SUPPLIED ENTRIES Block Start

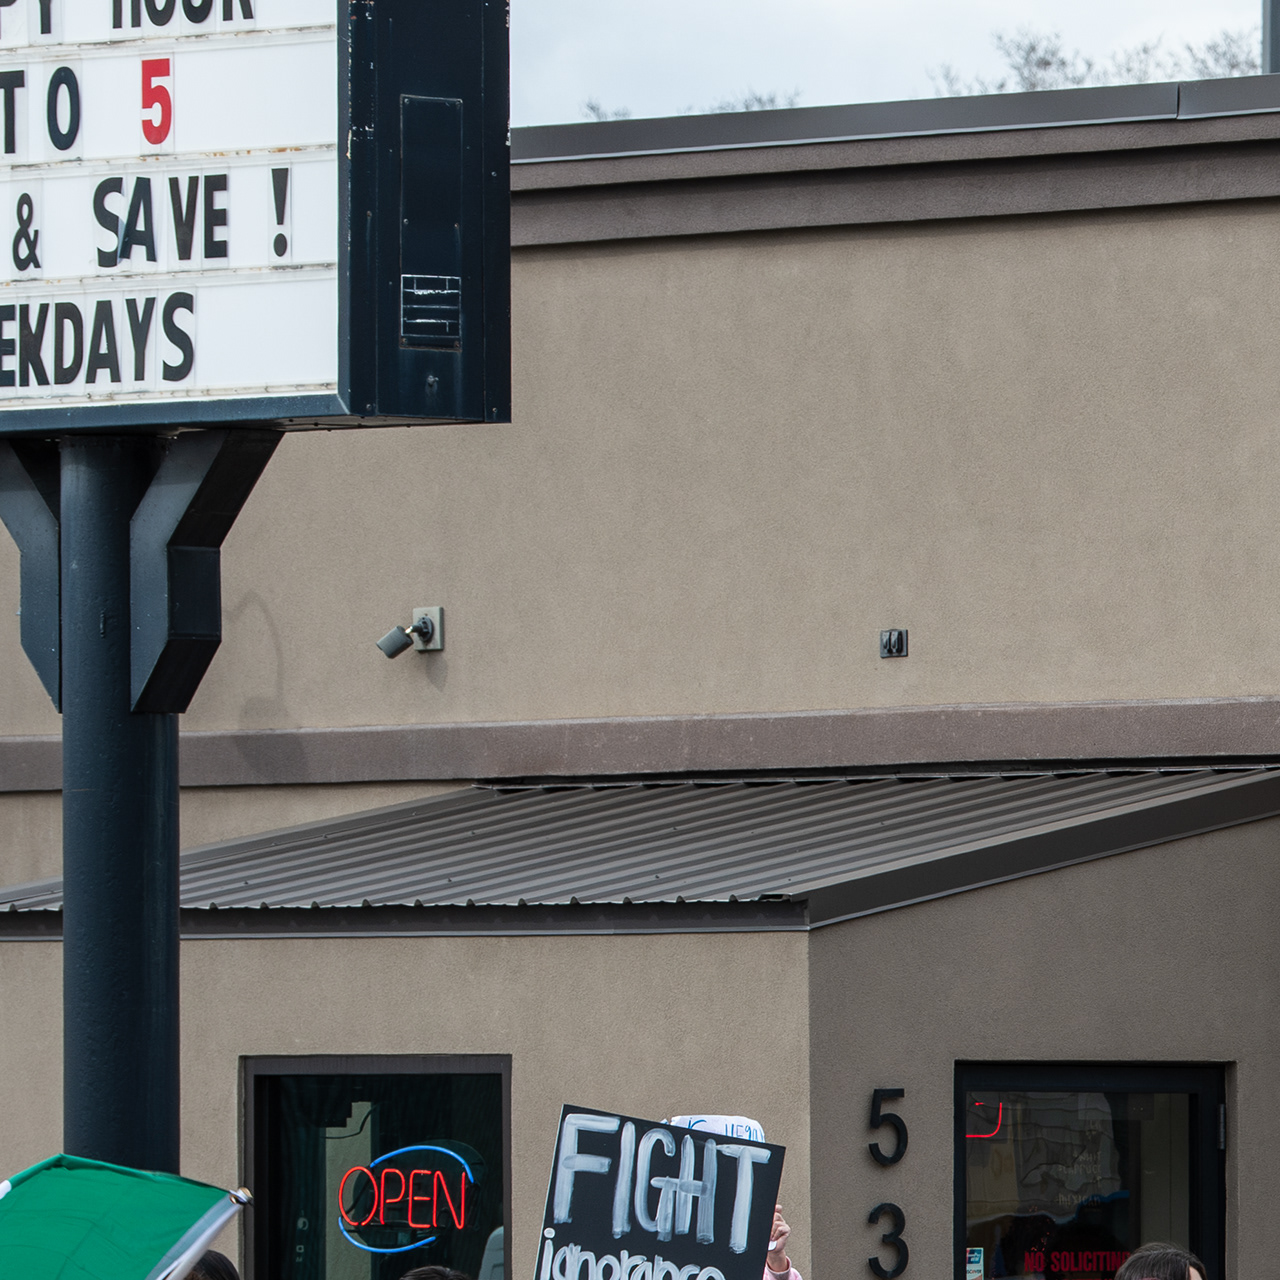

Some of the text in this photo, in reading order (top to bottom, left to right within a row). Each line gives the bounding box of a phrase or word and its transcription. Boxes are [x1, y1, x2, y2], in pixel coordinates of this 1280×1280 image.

[0, 58, 172, 154] TO 5
[12, 193, 41, 271] &
[93, 173, 228, 268] SAVE
[338, 1165, 467, 1230] OPEN
[553, 1113, 771, 1254] FIGHT
[1024, 1251, 1046, 1272] NO
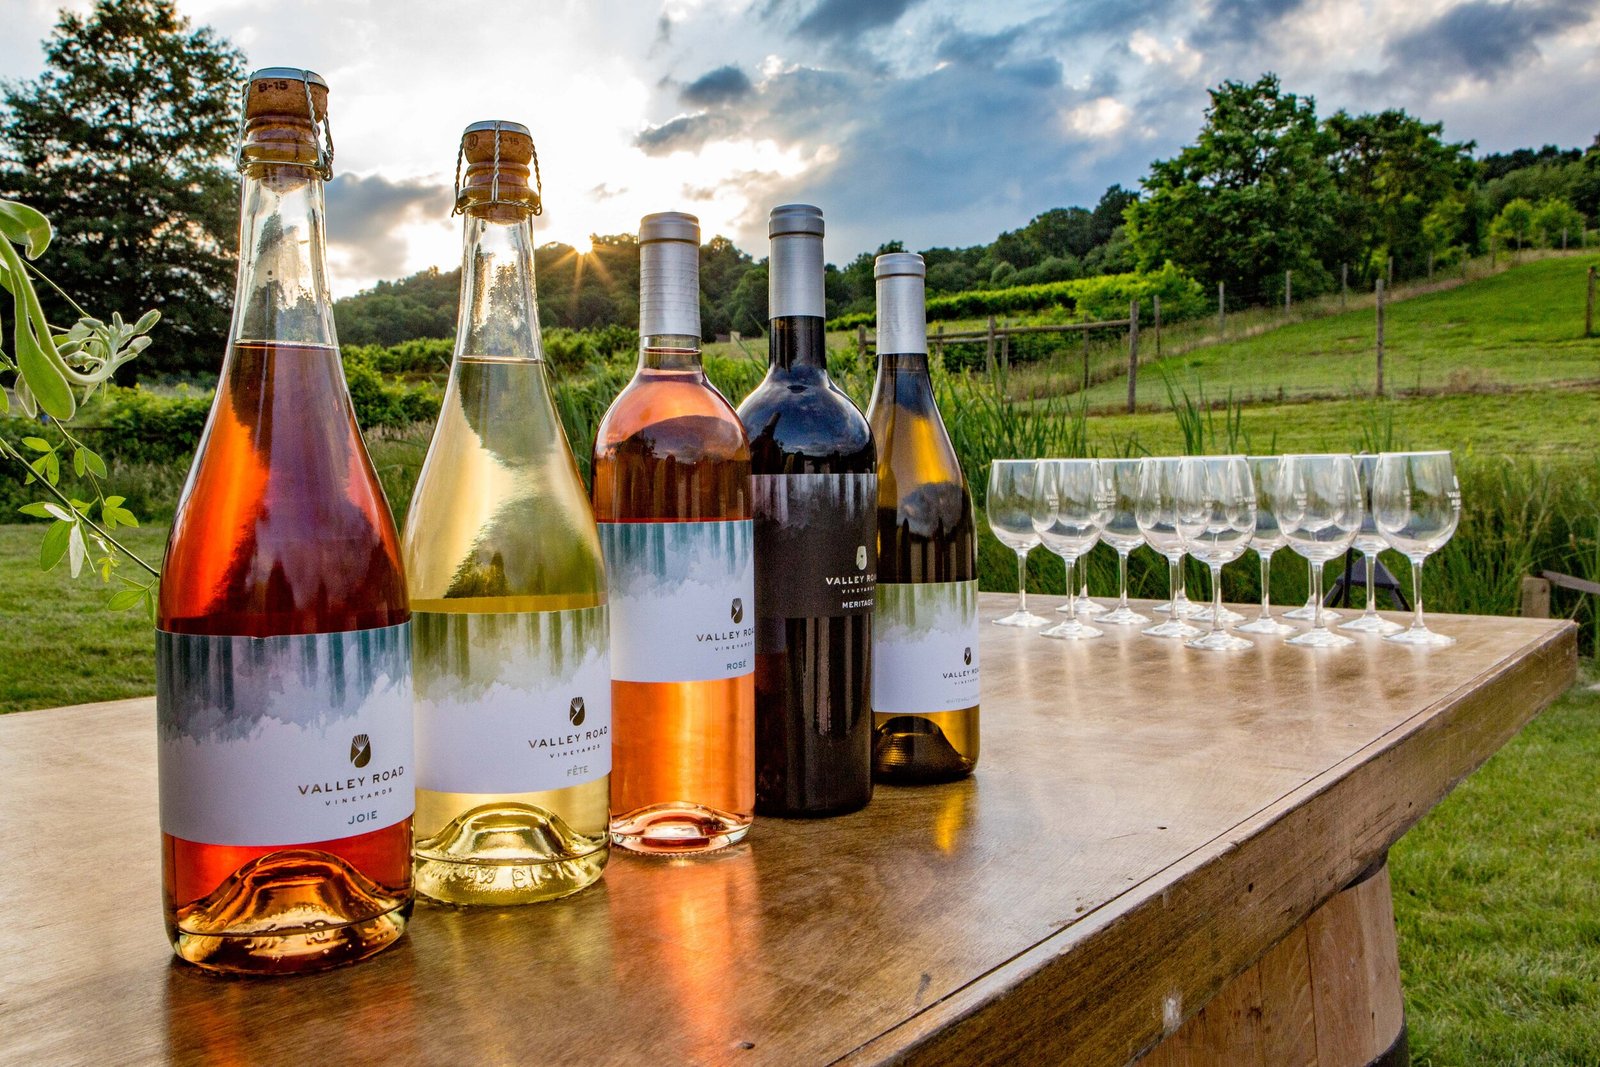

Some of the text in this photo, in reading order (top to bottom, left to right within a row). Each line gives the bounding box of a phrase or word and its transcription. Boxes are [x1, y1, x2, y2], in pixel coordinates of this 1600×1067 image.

[825, 575, 864, 585] VALLEY
[842, 598, 874, 609] MERITAGE
[696, 627, 754, 642] VALLEY ROA
[942, 670, 971, 679] VALLEY
[528, 725, 608, 749] VALLEY ROAD
[549, 743, 601, 759] VINEYARDS
[566, 764, 589, 777] FÊTE
[298, 766, 404, 796] VALLEY ROAD
[325, 787, 393, 807] VINEYARDS
[347, 810, 378, 825] JOIE

SUPPLIED ENTRIES Block End

### EXERCISE REQUIREMENTS:
Retype everything in the material word for word, minus pictures.

### OUTPUT BELOW:
Some of the text in this photo, in reading order (top to bottom, left to right within a row). Each line gives the bounding box of a phrase or word and its transcription. Boxes are [x1, y1, x2, y2], in pixel coordinates of this 1280×1280 image.

[0, 58, 172, 154] TO 5
[12, 193, 41, 271] &
[93, 173, 228, 268] SAVE
[338, 1165, 467, 1230] OPEN
[553, 1113, 771, 1254] FIGHT
[1024, 1251, 1046, 1272] NO

Some of the text in this photo, in reading order (top to bottom, left to right within a row). Each line gives the bounding box of a phrase or word and its transcription. Boxes are [x1, y1, x2, y2], in pixel coordinates of this 1600×1067 image.

[825, 575, 864, 585] VALLEY
[842, 598, 874, 609] MERITAGE
[696, 627, 754, 642] VALLEY ROA
[942, 670, 971, 679] VALLEY
[528, 725, 608, 749] VALLEY ROAD
[549, 743, 601, 759] VINEYARDS
[566, 764, 589, 777] FÊTE
[298, 766, 404, 796] VALLEY ROAD
[325, 787, 393, 807] VINEYARDS
[347, 810, 378, 825] JOIE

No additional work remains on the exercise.